When occasion demanded, Winter writes, “Paul established brand new synagogue-type fellowships of believers as the basic unit of his missionary activity. The first structure in the New Testament scene is thus what is often called the New Testament church. It was essentially built along Jewish synagogue lines [emphasis is in original].”[3] The defining characteristic of this structure “is that it included old and young, male and female.”[4] Then Winter describes a second, “quite different” Jewish structure active in the first century:

While we know very little about the structure of the evangelistic outreach within which pre-Pauline Jewish proselytizers worked, we do know that they operated all over the Roman Empire. It would be surprising if Paul didn’t follow somewhat the same procedures.[5]

Paul’s team “may certainly be considered a structure,” Winter asserts.[6] “While its design and form is not made concrete for us on the basis of remaining documents, neither, of course, is the New Testament church so defined concretely for us in the pages of the New Testament.”[7] Thus, two kinds of Jewish structures existed, both of which were adapted by Christians. “The structure we call the New Testament church,” Winter wrote, “is a prototype of all subsequent Christian fellowships where old and young, male and female are gathered together as normal biological families in aggregate.”[8] On the other hand, Paul’s missionary band “can be considered a prototype of all subsequent missionary endeavors organized out of committed, experienced workers who affiliated themselves by making a second decision beyond membership in the first structure.”[9] These two structures “have continuously appeared across the centuries”:

The New Testament is trying to show us how to borrow effective patterns; it is trying to free all future missionaries from the need to follow the precise forms of the Jewish synagogue and Jewish missionary band, and yet to allow them to choose comparable indigenous structures in the countless new situations across history and around the world—structures which will correspond faithfully to the function of the patterns Paul employed. As Charles Kraft has said, we seek dynamic equivalence not formal replication [emphasis is in original].[10]


Next: Jewish Voluntary Associations Today. Organizing for Good Works in the 21st Century.

Here are links to the four blogs on the topic “A Biblical Basis for Mission Agencies.”

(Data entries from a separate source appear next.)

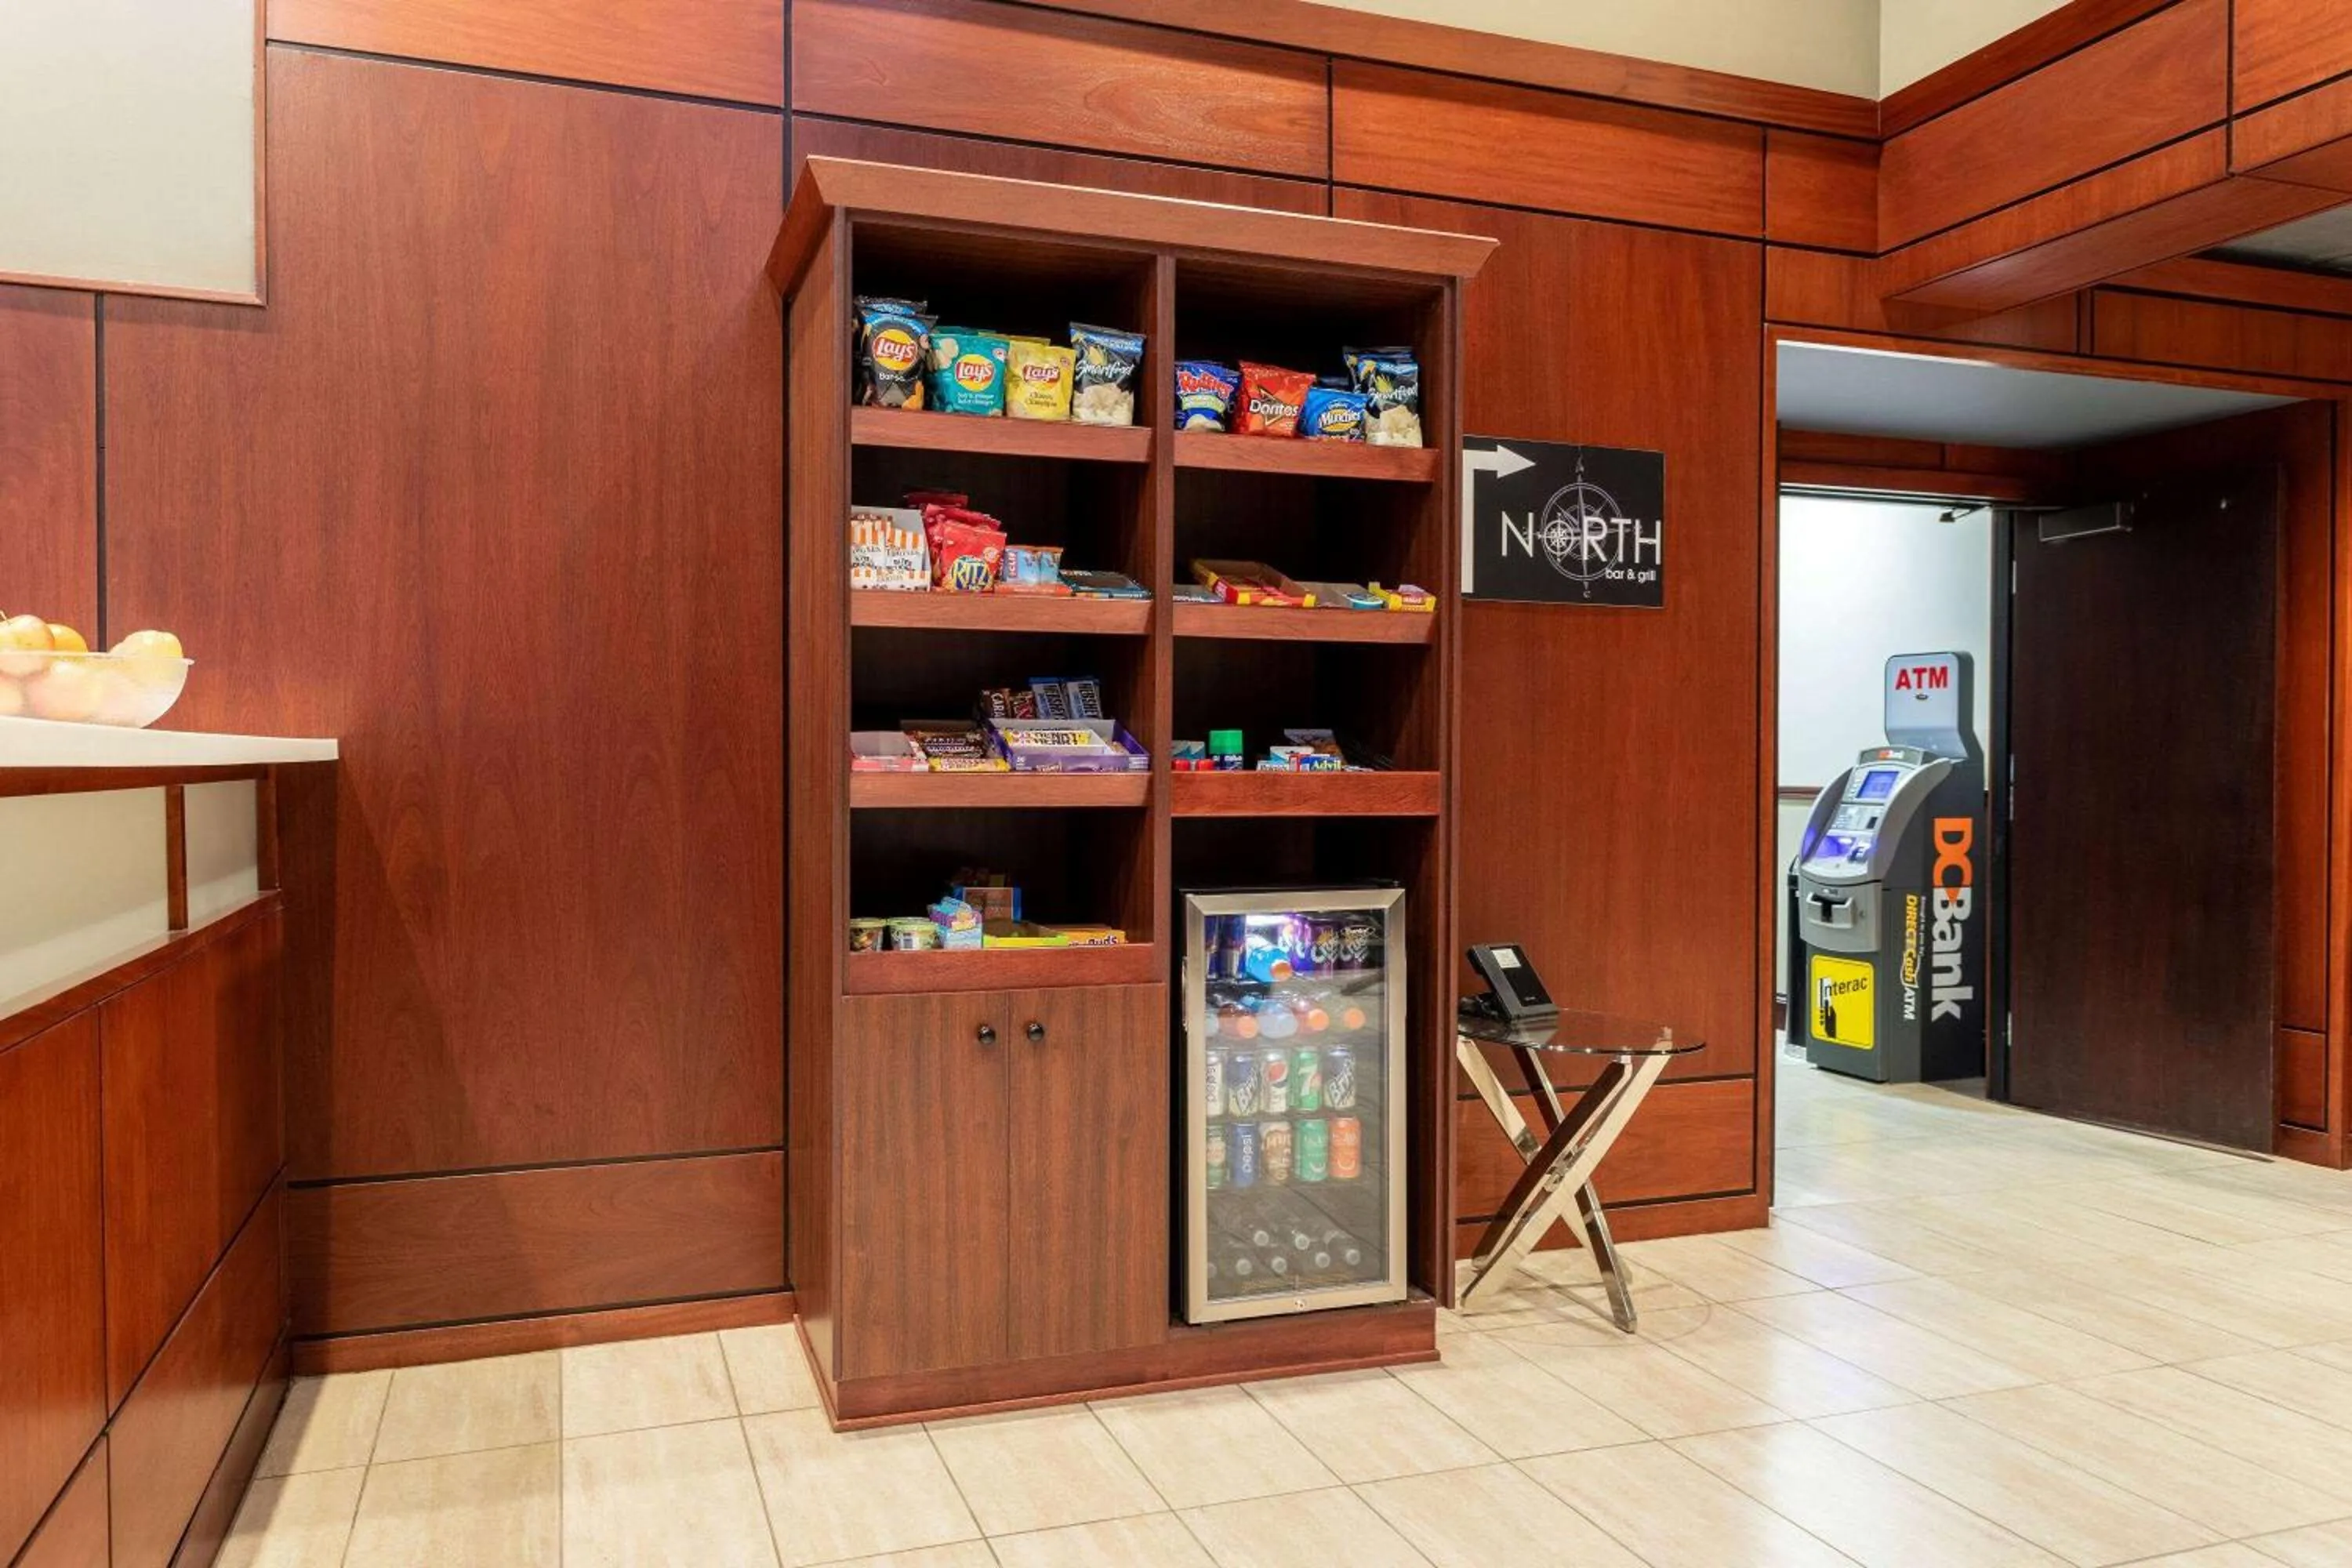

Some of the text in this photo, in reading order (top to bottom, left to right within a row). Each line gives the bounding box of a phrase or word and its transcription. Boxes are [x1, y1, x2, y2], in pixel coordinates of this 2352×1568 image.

[1250, 399, 1298, 417] Doritos
[1501, 510, 1661, 565] NORTH
[1606, 569, 1656, 583] bar & grill
[1895, 666, 1948, 690] ATM
[1313, 759, 1341, 770] Advil
[1820, 977, 1868, 1008] Interac
[1904, 986, 1915, 1020] ATM
[1241, 1134, 1254, 1174] pepsi

Jewish Mission Societies in the New Testament

Jesus Christ and His Missionary Band as a Type of Jewish Hevrah

Pharisees were a Type of Jewish Hevrah

Early Christians Adapted the Synagogue and Hevrah to Organize Congregations and Missionary Bands


[1] Winter, “The Two Structures of God’s Redemptive Mission,” 122.

[2] Ibid., 121.

[3] Latourette wrote that “the synagogue . . . was to have a profound effect upon the nascent Christian Church . . . Both in Palestine and among the Jews of the ‘dispersion’ scattered through much of the Mediterranean world and Western Asia, the synagogues were the places where most of the Jews worshipped and taught.“ Kenneth Scott Latourette, A History of Christianity, Revised ed., 2 vols. (New York: Harper & Row, 1975), 13-14. Winter wrote that the Christian church model was “obviously borrowed“ from the synagogue. Ralph D. Winter, “The Anatomy of the Christian Mission,” Evangelical Missions Quarterly 5:74-89 (1969): 75.

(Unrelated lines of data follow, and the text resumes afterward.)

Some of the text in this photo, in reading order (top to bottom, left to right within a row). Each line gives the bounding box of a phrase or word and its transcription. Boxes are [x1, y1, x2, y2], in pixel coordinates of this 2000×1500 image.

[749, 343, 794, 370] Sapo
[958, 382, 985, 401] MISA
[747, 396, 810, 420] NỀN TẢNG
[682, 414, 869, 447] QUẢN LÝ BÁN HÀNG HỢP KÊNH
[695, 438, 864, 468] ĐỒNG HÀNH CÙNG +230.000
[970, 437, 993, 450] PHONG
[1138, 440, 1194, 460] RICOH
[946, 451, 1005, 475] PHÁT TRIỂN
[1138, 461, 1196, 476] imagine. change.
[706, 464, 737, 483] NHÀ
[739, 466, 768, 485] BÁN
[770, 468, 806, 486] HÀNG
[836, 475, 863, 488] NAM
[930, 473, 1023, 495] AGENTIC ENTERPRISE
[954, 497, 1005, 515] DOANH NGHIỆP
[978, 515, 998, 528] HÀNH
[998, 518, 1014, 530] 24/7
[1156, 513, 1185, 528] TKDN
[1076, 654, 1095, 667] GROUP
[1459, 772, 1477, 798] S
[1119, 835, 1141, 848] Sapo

[4] “The Two Structures of God’s Redemptive Mission,” 122.

[5] Ibid.

[6] Ibid.

[7] Ibid.

[8] Jewish women and children were members of synagogues, a convention first practiced in ancient Greece, where “all members of the family take part in the συναγωγή.” Wolfgang Schrage, “Synagogue,” in Theological Dictionary of the New Testament (Grand Rapids: Eerdmans, 1965), 800.

[9] Winter, “The Two Structures of God’s Redemptive Mission,” 122.

[10] Ibid. Winter is referencing Charles H. Kraft, A Hausa Reader; Cultural Materials with Helps for Use in Teaching Intermediate and Advanced Hausa (Berkeley, CA: University of California Press, 1973).